Understanding VectorRetriever

In previous tasks, you’ve built knowledge graphs by extracting entities and relationships from text. Now, we’ll enhance your retrieval capabilities using the VectorRetriever. This retriever leverages vector embeddings to perform semantic searches, enabling you to find nodes based on the meaning of the content rather than just keywords.

How It Works

  • Query Embedding:

    • Converts the user’s query into a vector using an embedding model.

  • Similarity Search:

    • Finds nodes with embeddings similar to the query vector.

  • Retrieval:

    • Returns the top relevant nodes to augment the language model’s response.

When to Use VectorRetriever

  • Semantic Search:

    • When you need to find nodes based on the meaning of the content.

  • Unstructured Data:

    • Ideal for graphs containing text-rich nodes like products, reviews, or descriptions.

  • Precomputed Embeddings:

    • When nodes have embeddings stored as properties for efficient searching.

Setting Up VectorRetriever

Follow these steps to set up and use the VectorRetriever.

Step 1: Initialize the Embedder

Create the embedding function:

python
from neo4j_graphrag.embeddings.openai import OpenAIEmbeddings

embedder = OpenAIEmbeddings(model="text-embedding-ada-002")

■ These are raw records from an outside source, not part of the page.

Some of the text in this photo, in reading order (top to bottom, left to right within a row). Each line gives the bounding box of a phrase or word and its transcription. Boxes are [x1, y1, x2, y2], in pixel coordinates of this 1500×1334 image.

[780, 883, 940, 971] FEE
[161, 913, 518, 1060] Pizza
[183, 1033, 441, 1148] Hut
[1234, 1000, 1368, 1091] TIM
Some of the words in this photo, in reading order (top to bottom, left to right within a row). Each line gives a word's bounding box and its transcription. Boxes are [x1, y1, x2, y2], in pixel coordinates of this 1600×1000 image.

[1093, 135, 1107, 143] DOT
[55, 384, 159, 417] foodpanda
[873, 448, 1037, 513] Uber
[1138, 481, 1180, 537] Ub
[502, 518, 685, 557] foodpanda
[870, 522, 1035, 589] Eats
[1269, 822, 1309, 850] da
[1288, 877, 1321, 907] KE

Step 2: Initialize the VectorRetriever

Set up the VectorRetriever with your Neo4j database and embedding model:

python
from neo4j_graphrag.retrievers import VectorRetriever

# Build the retriever
retriever = VectorRetriever(
    driver,
    index_name="moviePlots",
    embedder=embedder,
    return_properties=["title", "plot"],
)

Step 3: Using the Retriever

Utilize the VectorRetriever to perform semantic searches within your Neo4j database:

python
from neo4j_graphrag.generation import GraphRAG
from neo4j_graphrag.llm import OpenAILLM

llm = OpenAILLM(model_name="gpt-4o", model_params={"temperature": 0})
rag = GraphRAG(retriever=retriever, llm=llm)
query_text = "Give me 3 films where a hero goes on a journey"
response = rag.search(query_text=query_text, retriever_config={"top_k": 5})
print(response.answer)

Tips for Effective Use

  • Consistent Embeddings:

    • Use the same model for both query and node embeddings to ensure compatibility.

  • Property Retrieval:

    • Utilize the return_properties argument and result_formatter to retrieve and transform the desired properties effectively.

  • Adjust top_k:

    • Since this retriever uses an approximate nearest neighbor algorithm, consider setting top_k to a higher value to improve the chances of retrieving relevant results.

Continue

When you are ready, you can move on to the next task.

Summary

You’ve learned how to use the VectorRetriever for semantic searches in Neo4j, enhancing your RAG pipeline by providing relevant data to language models based on content meaning rather than just keywords.